Work item →
Retype, character for character, the line containing "this 1388×1379 image." along with each line after it through the end of the data, and only those.

[Source records]
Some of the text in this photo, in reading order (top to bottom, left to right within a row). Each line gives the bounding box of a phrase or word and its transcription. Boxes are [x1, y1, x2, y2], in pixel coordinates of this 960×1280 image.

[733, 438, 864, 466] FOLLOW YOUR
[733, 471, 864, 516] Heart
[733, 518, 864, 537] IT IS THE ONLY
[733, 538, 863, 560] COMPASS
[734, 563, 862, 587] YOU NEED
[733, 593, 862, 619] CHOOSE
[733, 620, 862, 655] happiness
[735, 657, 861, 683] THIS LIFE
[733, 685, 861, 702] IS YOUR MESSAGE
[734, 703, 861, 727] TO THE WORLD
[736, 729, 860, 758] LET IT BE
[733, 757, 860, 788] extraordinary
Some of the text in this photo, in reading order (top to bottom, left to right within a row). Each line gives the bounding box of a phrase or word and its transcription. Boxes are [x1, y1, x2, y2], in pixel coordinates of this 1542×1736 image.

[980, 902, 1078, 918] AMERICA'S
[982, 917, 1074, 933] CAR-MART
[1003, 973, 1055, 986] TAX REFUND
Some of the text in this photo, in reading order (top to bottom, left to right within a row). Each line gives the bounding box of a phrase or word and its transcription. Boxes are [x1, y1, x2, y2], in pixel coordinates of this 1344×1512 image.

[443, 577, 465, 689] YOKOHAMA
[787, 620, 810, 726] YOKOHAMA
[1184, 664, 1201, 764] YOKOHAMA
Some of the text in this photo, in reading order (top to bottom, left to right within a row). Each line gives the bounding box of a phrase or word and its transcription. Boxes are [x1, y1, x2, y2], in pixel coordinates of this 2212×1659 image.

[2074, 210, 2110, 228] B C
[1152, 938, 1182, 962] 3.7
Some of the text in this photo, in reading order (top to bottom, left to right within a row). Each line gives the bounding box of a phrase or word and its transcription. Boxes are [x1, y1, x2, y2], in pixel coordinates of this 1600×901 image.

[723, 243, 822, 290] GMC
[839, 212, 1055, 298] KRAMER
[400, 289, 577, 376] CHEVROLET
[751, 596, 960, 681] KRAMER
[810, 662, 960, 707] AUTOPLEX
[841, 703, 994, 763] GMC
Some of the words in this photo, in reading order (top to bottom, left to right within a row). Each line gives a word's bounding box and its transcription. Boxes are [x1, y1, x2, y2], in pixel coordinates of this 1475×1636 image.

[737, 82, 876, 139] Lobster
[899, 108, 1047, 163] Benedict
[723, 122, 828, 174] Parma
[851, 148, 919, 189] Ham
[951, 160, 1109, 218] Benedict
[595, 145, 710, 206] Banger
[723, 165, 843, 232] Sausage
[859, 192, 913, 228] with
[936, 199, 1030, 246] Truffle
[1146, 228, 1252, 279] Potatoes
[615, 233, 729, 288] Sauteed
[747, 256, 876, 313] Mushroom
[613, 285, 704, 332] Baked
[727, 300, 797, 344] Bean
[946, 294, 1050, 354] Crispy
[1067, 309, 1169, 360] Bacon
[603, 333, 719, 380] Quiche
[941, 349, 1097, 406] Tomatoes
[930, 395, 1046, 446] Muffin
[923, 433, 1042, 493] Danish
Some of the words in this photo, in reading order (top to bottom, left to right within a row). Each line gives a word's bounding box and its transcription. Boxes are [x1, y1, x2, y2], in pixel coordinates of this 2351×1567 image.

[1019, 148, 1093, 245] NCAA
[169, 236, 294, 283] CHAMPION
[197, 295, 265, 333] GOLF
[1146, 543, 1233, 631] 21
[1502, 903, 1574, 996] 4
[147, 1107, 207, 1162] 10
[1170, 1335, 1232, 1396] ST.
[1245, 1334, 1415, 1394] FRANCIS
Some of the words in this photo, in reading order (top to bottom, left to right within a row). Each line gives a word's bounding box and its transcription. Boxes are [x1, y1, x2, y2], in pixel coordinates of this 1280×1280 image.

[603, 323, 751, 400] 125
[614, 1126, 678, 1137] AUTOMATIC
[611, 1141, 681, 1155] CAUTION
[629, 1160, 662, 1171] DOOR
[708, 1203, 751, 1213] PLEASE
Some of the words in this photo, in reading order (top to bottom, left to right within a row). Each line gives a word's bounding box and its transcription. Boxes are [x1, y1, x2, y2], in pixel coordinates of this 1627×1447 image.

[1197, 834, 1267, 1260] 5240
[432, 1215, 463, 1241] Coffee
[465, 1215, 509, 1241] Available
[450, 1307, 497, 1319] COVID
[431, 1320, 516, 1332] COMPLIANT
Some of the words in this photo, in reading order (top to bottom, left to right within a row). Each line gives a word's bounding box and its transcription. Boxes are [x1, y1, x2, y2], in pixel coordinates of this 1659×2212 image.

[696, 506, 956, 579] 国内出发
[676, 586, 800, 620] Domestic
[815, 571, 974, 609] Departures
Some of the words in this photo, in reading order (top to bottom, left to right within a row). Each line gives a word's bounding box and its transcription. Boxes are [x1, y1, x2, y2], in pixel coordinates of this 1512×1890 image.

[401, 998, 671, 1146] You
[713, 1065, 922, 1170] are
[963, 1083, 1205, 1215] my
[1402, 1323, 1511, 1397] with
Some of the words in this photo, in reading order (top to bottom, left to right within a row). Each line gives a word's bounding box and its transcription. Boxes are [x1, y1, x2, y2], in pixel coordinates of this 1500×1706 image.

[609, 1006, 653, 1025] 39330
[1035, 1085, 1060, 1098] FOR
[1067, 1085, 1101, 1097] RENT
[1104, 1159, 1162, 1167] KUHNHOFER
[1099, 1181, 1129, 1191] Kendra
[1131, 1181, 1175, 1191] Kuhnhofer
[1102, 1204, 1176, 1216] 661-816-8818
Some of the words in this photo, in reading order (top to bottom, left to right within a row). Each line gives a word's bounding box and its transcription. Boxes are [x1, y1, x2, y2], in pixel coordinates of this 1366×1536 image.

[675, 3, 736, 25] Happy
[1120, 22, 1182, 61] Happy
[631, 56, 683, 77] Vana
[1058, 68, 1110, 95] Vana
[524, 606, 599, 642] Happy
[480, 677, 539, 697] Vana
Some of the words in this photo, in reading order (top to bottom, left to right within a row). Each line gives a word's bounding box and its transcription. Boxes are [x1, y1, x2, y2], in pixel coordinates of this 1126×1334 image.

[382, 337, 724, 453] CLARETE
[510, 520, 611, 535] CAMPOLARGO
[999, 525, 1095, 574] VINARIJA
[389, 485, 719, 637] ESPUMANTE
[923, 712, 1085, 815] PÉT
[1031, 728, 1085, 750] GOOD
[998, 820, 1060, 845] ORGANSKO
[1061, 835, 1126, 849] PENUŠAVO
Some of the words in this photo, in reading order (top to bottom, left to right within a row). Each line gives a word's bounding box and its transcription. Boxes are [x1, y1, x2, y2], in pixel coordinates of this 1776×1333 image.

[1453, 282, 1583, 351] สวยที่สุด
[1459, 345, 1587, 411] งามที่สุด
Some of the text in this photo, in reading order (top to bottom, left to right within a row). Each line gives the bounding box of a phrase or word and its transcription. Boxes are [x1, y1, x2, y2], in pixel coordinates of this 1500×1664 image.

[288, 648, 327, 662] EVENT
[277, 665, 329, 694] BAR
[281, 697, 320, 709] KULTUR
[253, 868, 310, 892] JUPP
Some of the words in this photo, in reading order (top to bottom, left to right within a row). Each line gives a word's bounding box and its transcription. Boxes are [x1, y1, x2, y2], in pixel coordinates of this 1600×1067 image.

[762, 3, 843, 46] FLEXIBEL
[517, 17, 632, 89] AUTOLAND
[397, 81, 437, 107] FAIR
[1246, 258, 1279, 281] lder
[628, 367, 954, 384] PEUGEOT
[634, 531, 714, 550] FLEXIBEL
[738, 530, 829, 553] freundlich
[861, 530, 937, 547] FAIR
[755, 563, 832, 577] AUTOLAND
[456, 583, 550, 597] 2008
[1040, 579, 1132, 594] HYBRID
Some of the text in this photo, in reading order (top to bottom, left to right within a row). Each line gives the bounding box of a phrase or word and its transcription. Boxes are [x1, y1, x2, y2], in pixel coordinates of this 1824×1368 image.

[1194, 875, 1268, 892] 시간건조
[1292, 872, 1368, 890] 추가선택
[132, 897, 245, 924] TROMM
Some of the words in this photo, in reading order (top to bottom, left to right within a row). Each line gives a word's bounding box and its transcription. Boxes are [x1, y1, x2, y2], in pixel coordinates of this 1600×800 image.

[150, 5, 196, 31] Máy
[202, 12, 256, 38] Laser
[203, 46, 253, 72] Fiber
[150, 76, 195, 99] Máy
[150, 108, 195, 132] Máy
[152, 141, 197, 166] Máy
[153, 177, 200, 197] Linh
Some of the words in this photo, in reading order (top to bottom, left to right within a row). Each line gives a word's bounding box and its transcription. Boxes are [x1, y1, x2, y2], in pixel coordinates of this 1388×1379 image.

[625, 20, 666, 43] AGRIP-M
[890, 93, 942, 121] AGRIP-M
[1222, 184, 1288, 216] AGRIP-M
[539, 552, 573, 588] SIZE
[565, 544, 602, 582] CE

Response area →
Some of the words in this photo, in reading order (top to bottom, left to right within a row). Each line gives a word's bounding box and its transcription. Boxes are [x1, y1, x2, y2], in pixel coordinates of this 1388×1379 image.

[625, 20, 666, 43] AGRIP-M
[890, 93, 942, 121] AGRIP-M
[1222, 184, 1288, 216] AGRIP-M
[539, 552, 573, 588] SIZE
[565, 544, 602, 582] CE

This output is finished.